**** Source material

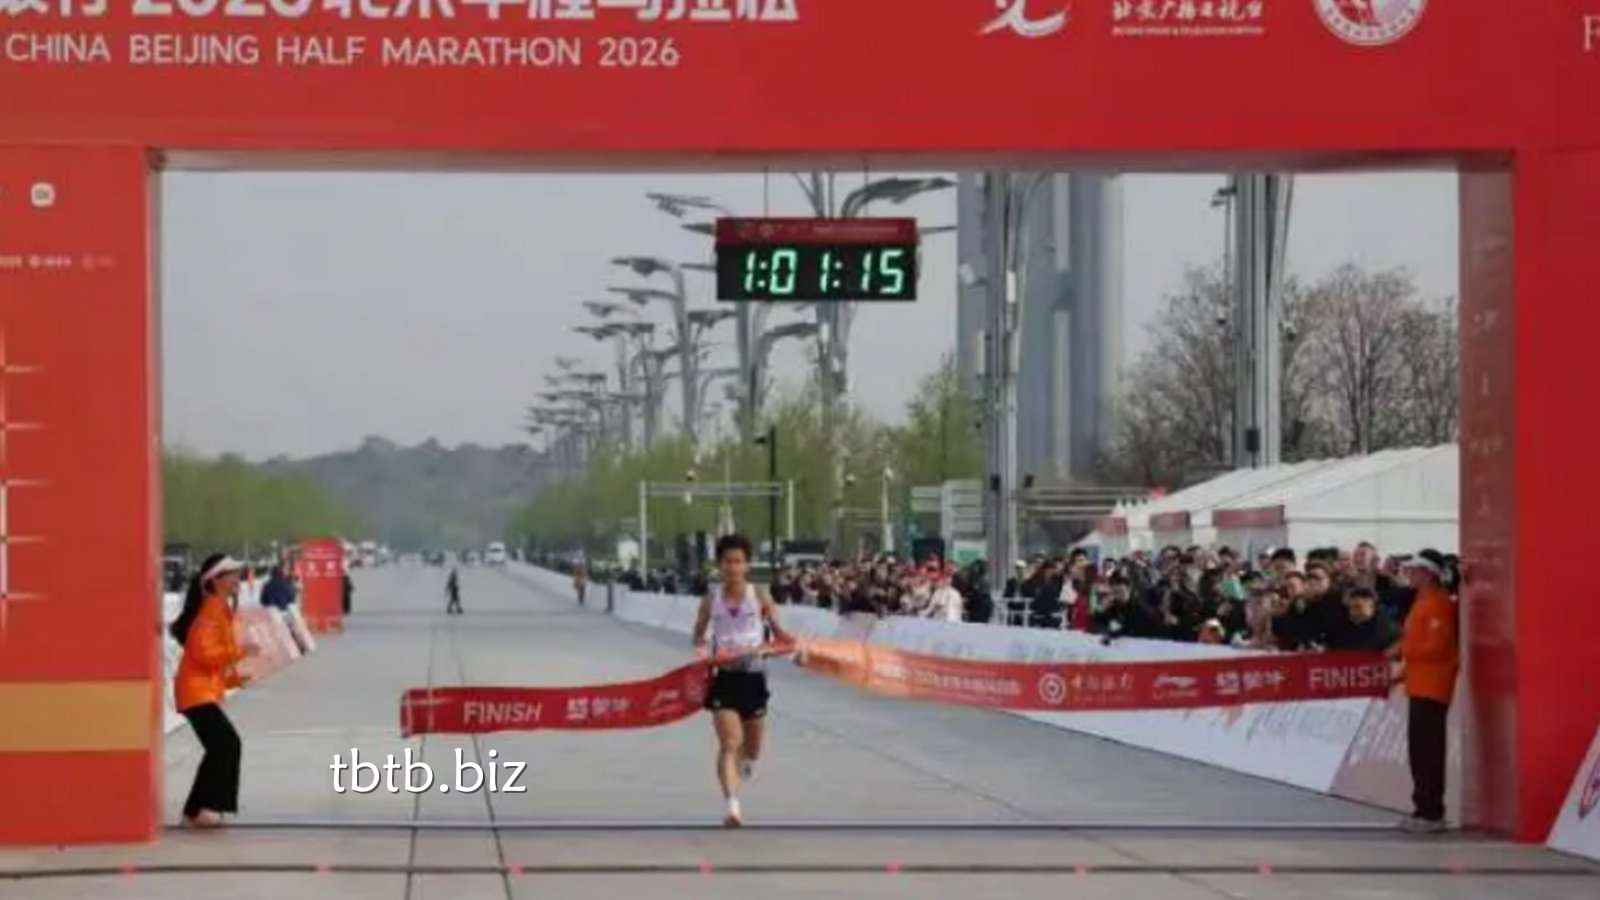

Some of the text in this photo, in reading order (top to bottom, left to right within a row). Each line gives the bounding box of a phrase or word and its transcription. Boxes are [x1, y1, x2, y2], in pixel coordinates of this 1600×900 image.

[5, 34, 680, 67] CHINA BEIJING HALF MARATHON 2026
[744, 249, 904, 294] 1:01:15
[1308, 665, 1390, 691] FINISH
[462, 700, 543, 725] FINISH

********

:: What the task asks ::
An exact copy of all the entries is required, and it must contain no pictures.

:: Reply ::
Some of the text in this photo, in reading order (top to bottom, left to right within a row). Each line gives the bounding box of a phrase or word and its transcription. Boxes are [x1, y1, x2, y2], in pixel coordinates of this 1600×900 image.

[5, 34, 680, 67] CHINA BEIJING HALF MARATHON 2026
[744, 249, 904, 294] 1:01:15
[1308, 665, 1390, 691] FINISH
[462, 700, 543, 725] FINISH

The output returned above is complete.